> [Collected data]

>>>>>

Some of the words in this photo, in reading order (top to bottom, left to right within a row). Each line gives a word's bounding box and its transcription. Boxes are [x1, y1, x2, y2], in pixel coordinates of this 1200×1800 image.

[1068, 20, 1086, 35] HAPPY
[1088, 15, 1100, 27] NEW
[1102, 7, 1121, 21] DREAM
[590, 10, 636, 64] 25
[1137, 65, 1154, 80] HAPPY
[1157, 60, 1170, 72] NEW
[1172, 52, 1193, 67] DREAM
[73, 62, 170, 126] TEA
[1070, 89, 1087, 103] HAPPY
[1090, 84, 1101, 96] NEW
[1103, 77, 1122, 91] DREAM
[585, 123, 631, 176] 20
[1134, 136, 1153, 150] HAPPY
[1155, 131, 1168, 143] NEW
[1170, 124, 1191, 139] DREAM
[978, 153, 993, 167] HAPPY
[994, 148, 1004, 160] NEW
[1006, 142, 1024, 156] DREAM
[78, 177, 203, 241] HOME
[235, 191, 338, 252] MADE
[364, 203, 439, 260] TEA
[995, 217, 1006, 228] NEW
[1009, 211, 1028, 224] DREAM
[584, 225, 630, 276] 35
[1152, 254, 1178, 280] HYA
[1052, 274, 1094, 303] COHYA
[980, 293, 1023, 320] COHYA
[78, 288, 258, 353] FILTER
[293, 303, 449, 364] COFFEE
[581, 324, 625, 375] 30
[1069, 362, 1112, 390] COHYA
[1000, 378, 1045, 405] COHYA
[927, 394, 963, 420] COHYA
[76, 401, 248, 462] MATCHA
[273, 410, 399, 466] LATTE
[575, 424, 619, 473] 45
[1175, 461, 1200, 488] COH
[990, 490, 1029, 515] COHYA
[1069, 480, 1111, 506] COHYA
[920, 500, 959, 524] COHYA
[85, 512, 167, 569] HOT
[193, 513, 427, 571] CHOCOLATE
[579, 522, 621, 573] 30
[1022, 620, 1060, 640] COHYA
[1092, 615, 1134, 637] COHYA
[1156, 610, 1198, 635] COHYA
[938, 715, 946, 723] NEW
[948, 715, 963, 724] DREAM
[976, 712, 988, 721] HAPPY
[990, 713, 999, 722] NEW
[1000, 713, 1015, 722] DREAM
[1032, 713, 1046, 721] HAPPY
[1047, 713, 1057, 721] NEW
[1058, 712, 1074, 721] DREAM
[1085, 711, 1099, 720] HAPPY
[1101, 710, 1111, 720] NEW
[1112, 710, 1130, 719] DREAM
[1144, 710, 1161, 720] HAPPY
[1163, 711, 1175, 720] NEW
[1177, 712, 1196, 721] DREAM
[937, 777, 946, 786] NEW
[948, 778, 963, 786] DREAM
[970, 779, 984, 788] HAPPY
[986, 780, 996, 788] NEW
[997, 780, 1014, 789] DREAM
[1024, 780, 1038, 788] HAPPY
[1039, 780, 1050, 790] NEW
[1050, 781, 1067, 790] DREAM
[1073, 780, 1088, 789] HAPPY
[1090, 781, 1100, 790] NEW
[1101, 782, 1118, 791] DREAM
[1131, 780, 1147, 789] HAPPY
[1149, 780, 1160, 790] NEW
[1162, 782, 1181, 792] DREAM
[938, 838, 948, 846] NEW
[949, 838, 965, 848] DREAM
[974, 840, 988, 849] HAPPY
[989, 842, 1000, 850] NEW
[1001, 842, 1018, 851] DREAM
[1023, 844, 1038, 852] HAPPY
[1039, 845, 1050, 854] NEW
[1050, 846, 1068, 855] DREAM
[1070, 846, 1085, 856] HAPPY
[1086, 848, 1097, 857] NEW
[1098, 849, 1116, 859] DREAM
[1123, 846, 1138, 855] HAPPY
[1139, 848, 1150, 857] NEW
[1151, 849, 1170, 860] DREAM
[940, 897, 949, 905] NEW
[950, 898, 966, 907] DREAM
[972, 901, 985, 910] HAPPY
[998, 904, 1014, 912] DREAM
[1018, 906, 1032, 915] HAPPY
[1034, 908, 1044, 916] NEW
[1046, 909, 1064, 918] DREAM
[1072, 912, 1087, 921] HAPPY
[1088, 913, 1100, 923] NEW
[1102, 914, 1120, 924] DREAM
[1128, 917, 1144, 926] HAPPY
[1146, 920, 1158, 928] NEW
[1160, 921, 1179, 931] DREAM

<<<<<

> [Your task] Reproduce all of the entries verbatim.

> [Result below]
Some of the words in this photo, in reading order (top to bottom, left to right within a row). Each line gives a word's bounding box and its transcription. Boxes are [x1, y1, x2, y2], in pixel coordinates of this 1200×1800 image.

[1068, 20, 1086, 35] HAPPY
[1088, 15, 1100, 27] NEW
[1102, 7, 1121, 21] DREAM
[590, 10, 636, 64] 25
[1137, 65, 1154, 80] HAPPY
[1157, 60, 1170, 72] NEW
[1172, 52, 1193, 67] DREAM
[73, 62, 170, 126] TEA
[1070, 89, 1087, 103] HAPPY
[1090, 84, 1101, 96] NEW
[1103, 77, 1122, 91] DREAM
[585, 123, 631, 176] 20
[1134, 136, 1153, 150] HAPPY
[1155, 131, 1168, 143] NEW
[1170, 124, 1191, 139] DREAM
[978, 153, 993, 167] HAPPY
[994, 148, 1004, 160] NEW
[1006, 142, 1024, 156] DREAM
[78, 177, 203, 241] HOME
[235, 191, 338, 252] MADE
[364, 203, 439, 260] TEA
[995, 217, 1006, 228] NEW
[1009, 211, 1028, 224] DREAM
[584, 225, 630, 276] 35
[1152, 254, 1178, 280] HYA
[1052, 274, 1094, 303] COHYA
[980, 293, 1023, 320] COHYA
[78, 288, 258, 353] FILTER
[293, 303, 449, 364] COFFEE
[581, 324, 625, 375] 30
[1069, 362, 1112, 390] COHYA
[1000, 378, 1045, 405] COHYA
[927, 394, 963, 420] COHYA
[76, 401, 248, 462] MATCHA
[273, 410, 399, 466] LATTE
[575, 424, 619, 473] 45
[1175, 461, 1200, 488] COH
[990, 490, 1029, 515] COHYA
[1069, 480, 1111, 506] COHYA
[920, 500, 959, 524] COHYA
[85, 512, 167, 569] HOT
[193, 513, 427, 571] CHOCOLATE
[579, 522, 621, 573] 30
[1022, 620, 1060, 640] COHYA
[1092, 615, 1134, 637] COHYA
[1156, 610, 1198, 635] COHYA
[938, 715, 946, 723] NEW
[948, 715, 963, 724] DREAM
[976, 712, 988, 721] HAPPY
[990, 713, 999, 722] NEW
[1000, 713, 1015, 722] DREAM
[1032, 713, 1046, 721] HAPPY
[1047, 713, 1057, 721] NEW
[1058, 712, 1074, 721] DREAM
[1085, 711, 1099, 720] HAPPY
[1101, 710, 1111, 720] NEW
[1112, 710, 1130, 719] DREAM
[1144, 710, 1161, 720] HAPPY
[1163, 711, 1175, 720] NEW
[1177, 712, 1196, 721] DREAM
[937, 777, 946, 786] NEW
[948, 778, 963, 786] DREAM
[970, 779, 984, 788] HAPPY
[986, 780, 996, 788] NEW
[997, 780, 1014, 789] DREAM
[1024, 780, 1038, 788] HAPPY
[1039, 780, 1050, 790] NEW
[1050, 781, 1067, 790] DREAM
[1073, 780, 1088, 789] HAPPY
[1090, 781, 1100, 790] NEW
[1101, 782, 1118, 791] DREAM
[1131, 780, 1147, 789] HAPPY
[1149, 780, 1160, 790] NEW
[1162, 782, 1181, 792] DREAM
[938, 838, 948, 846] NEW
[949, 838, 965, 848] DREAM
[974, 840, 988, 849] HAPPY
[989, 842, 1000, 850] NEW
[1001, 842, 1018, 851] DREAM
[1023, 844, 1038, 852] HAPPY
[1039, 845, 1050, 854] NEW
[1050, 846, 1068, 855] DREAM
[1070, 846, 1085, 856] HAPPY
[1086, 848, 1097, 857] NEW
[1098, 849, 1116, 859] DREAM
[1123, 846, 1138, 855] HAPPY
[1139, 848, 1150, 857] NEW
[1151, 849, 1170, 860] DREAM
[940, 897, 949, 905] NEW
[950, 898, 966, 907] DREAM
[972, 901, 985, 910] HAPPY
[998, 904, 1014, 912] DREAM
[1018, 906, 1032, 915] HAPPY
[1034, 908, 1044, 916] NEW
[1046, 909, 1064, 918] DREAM
[1072, 912, 1087, 921] HAPPY
[1088, 913, 1100, 923] NEW
[1102, 914, 1120, 924] DREAM
[1128, 917, 1144, 926] HAPPY
[1146, 920, 1158, 928] NEW
[1160, 921, 1179, 931] DREAM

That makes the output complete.